Virginia Gov. Bob McDonnell gestures during a news conference at the Capitol in Richmond on Dec. 10. (Steve Helber/AP)

Gov. Robert F. McDonnell will propose a two-year state budget Monday that calls for boosting K-12 education funding by nearly $600 million and pouring millions more into higher education, mental health services, water-quality improvements and homelessness-prevention programs.

McDonnell (R) said his plan will be free of budget gimmicks and fat with cash reserves intended to help defense-heavy Virginia weather any jolts that could come from across the Potomac River.

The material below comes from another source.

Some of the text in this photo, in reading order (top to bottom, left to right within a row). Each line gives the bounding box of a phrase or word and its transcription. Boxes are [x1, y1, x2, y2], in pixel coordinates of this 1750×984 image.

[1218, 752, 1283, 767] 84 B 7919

“Who knows what’s going to happen in Washington,” he said in a gathering with reporters last week, hours before the House passed a deal aimed at averting the latest federal budget standoff. “You know, we’re lurching from one disaster to the next up there. . . . Given that uncertainty up there, I want to make sure that we’re well positioned in our own budget.”

With less than a month left in his term, McDonnell will lay out a plan for how the commonwealth spends its money for the next two years. Virginia’s biennial budget cycle requires the outgoing governor to craft a spending blueprint that is handed off to his successor — in this case, Democrat Terry McAuliffe — who generally tries to reshape it to his own liking.

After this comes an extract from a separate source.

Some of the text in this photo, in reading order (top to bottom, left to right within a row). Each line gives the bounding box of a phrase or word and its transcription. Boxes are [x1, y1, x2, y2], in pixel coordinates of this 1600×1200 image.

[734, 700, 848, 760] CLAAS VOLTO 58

The proposal is a starting point as well as a chance for the departing state executive to make a final, dollars-and-cents statement about his values and priorities.

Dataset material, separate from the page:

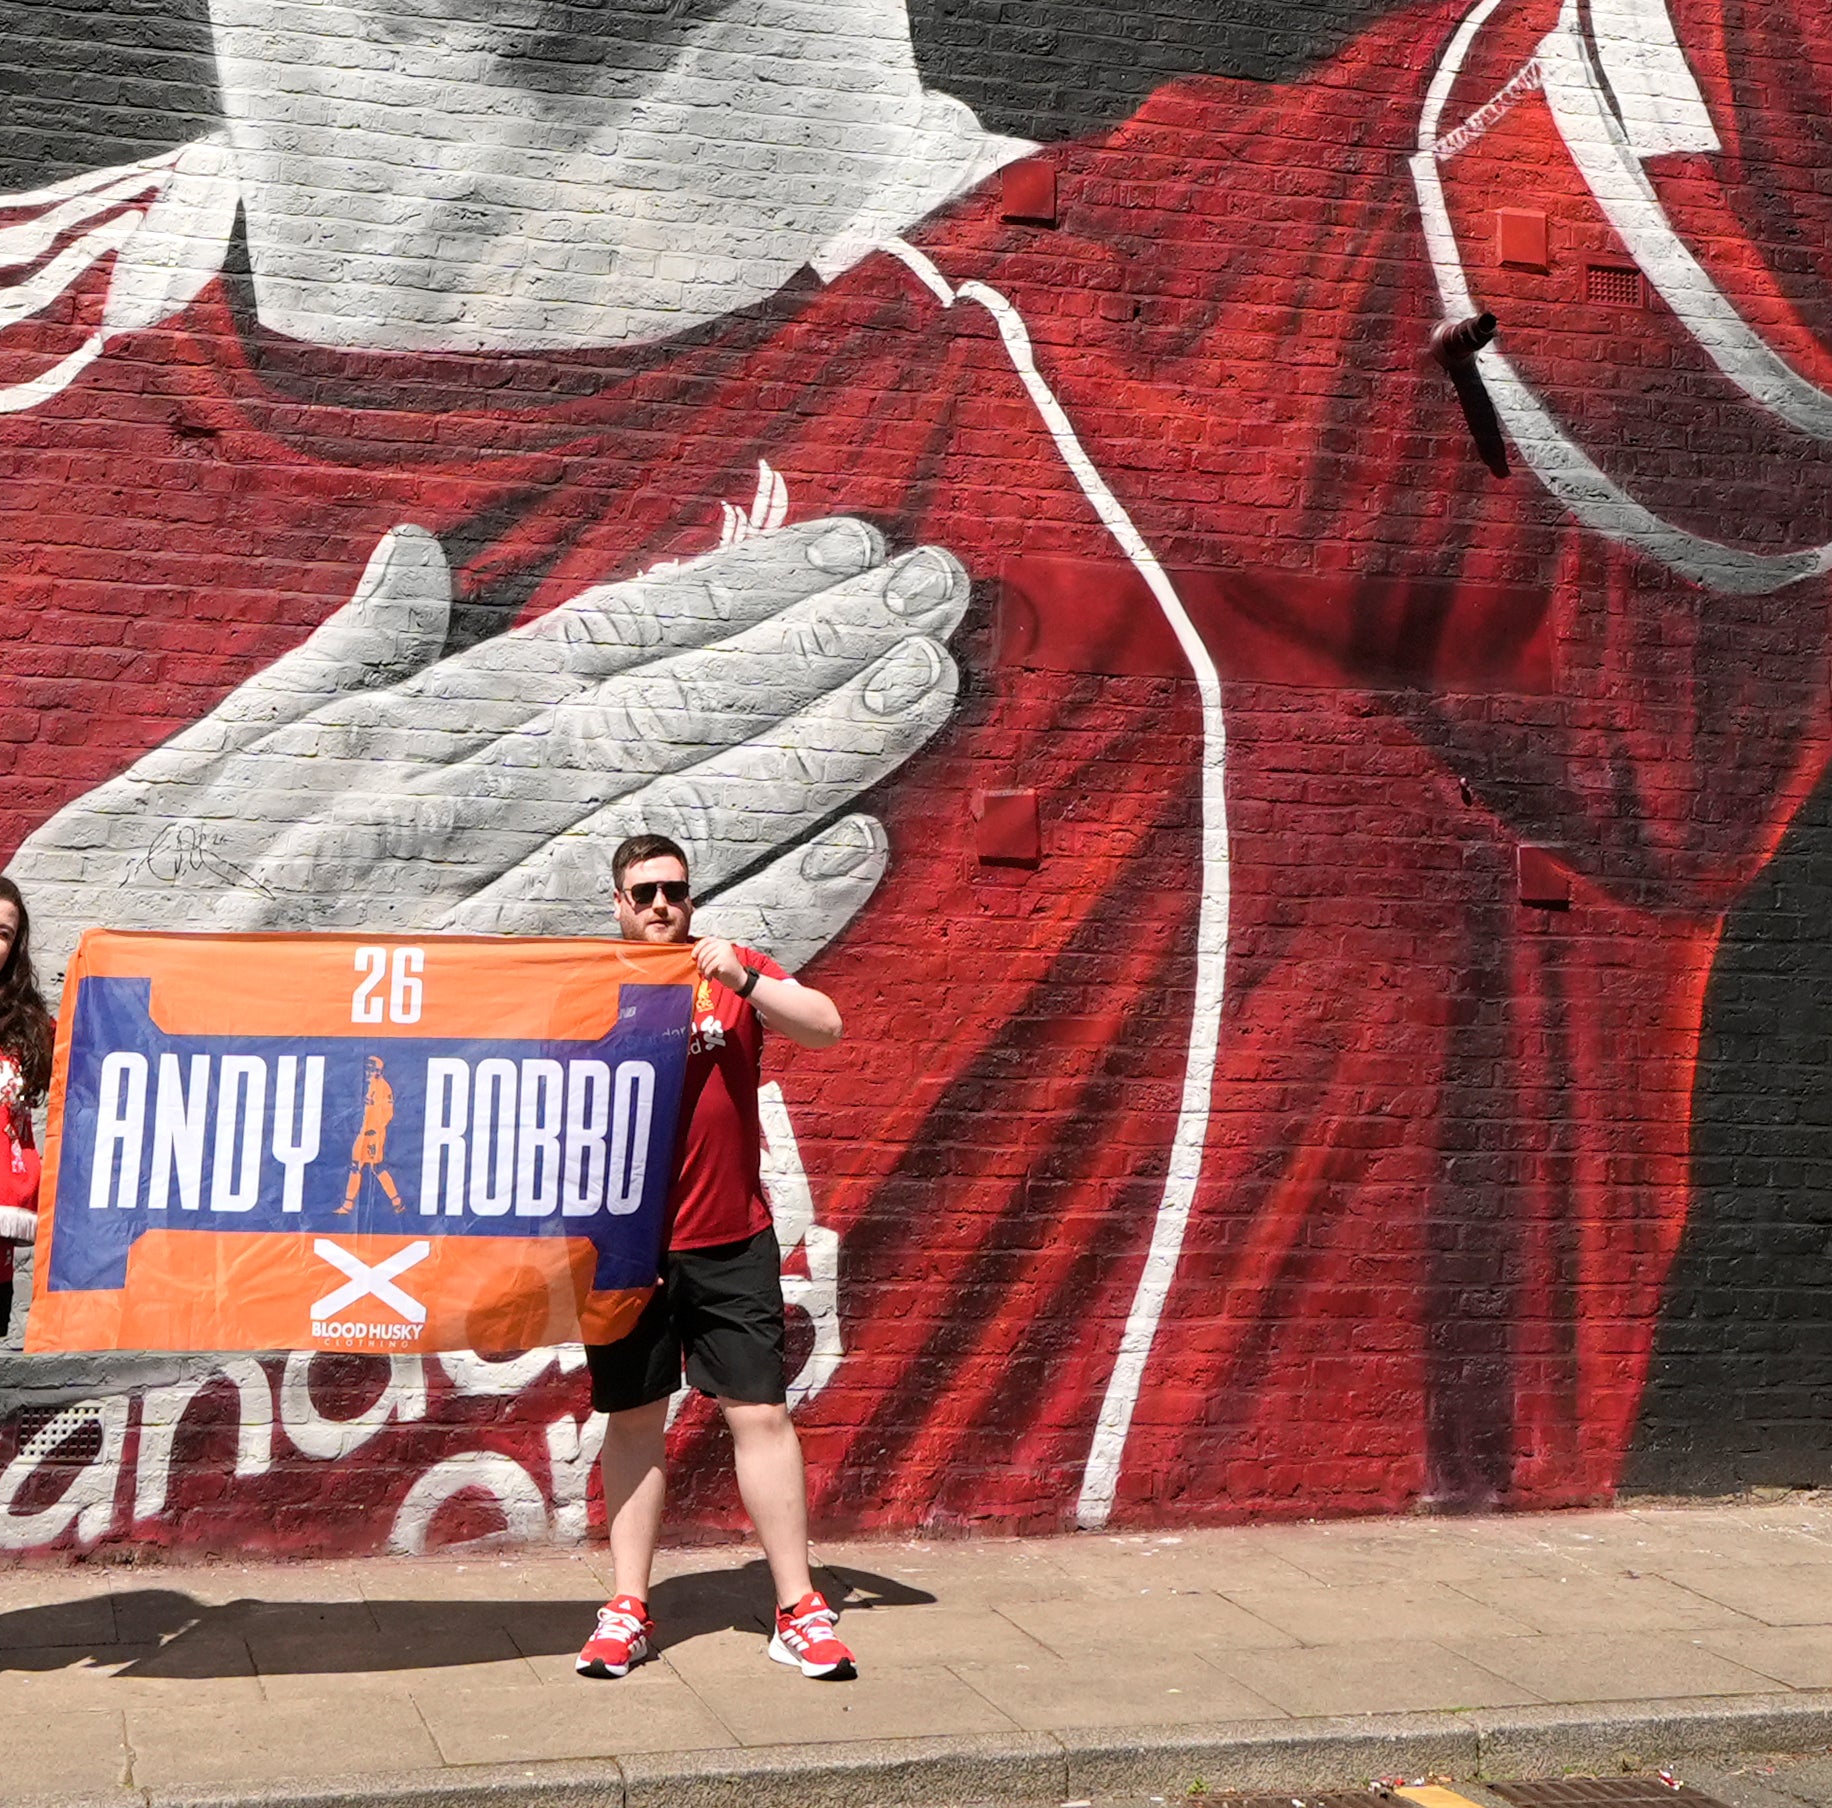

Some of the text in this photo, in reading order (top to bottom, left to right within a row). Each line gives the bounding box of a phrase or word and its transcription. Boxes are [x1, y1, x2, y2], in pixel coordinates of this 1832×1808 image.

Four years ago, in the midst of the recession, outgoing Gov. Timothy M. Kaine (D) left McDonnell with a plan that called for a $2 billion income tax increase. McDonnell, who had run on a promise not to raise taxes, immediately pronounced the idea a non-starter. The tax increase was not included in the budget that ultimately passed the General Assembly that year, although this year, McDonnell signed off on a sweeping transportation-funding plan laden with $1.2 billion a year in new taxes.

McAuliffe, who ran as a bipartisan deal-maker and has effusively praised McDonnell for assisting his transition, seems unlikely to criticize anything included in his predecessor’s budget. The Democrat nevertheless hopes to change it profoundly by adding language to expand Medicaid under the Affordable Care Act, which state House Republicans say won’t get by them.

“I just don’t see it happening in any way, shape or form,” said state House Majority Leader M. Kirkland Cox (R-Colonial Heights).

McAuliffe has come out publicly in favor of two aspects of McDonnell’s budget announced in advance, one boosting mental health funding and the other providing money for a Richmond slavery museum.

While much of McDonnell’s plan will remain under wraps until he presents it to legislators Monday, the administration has spent the past week trickling out bits and pieces.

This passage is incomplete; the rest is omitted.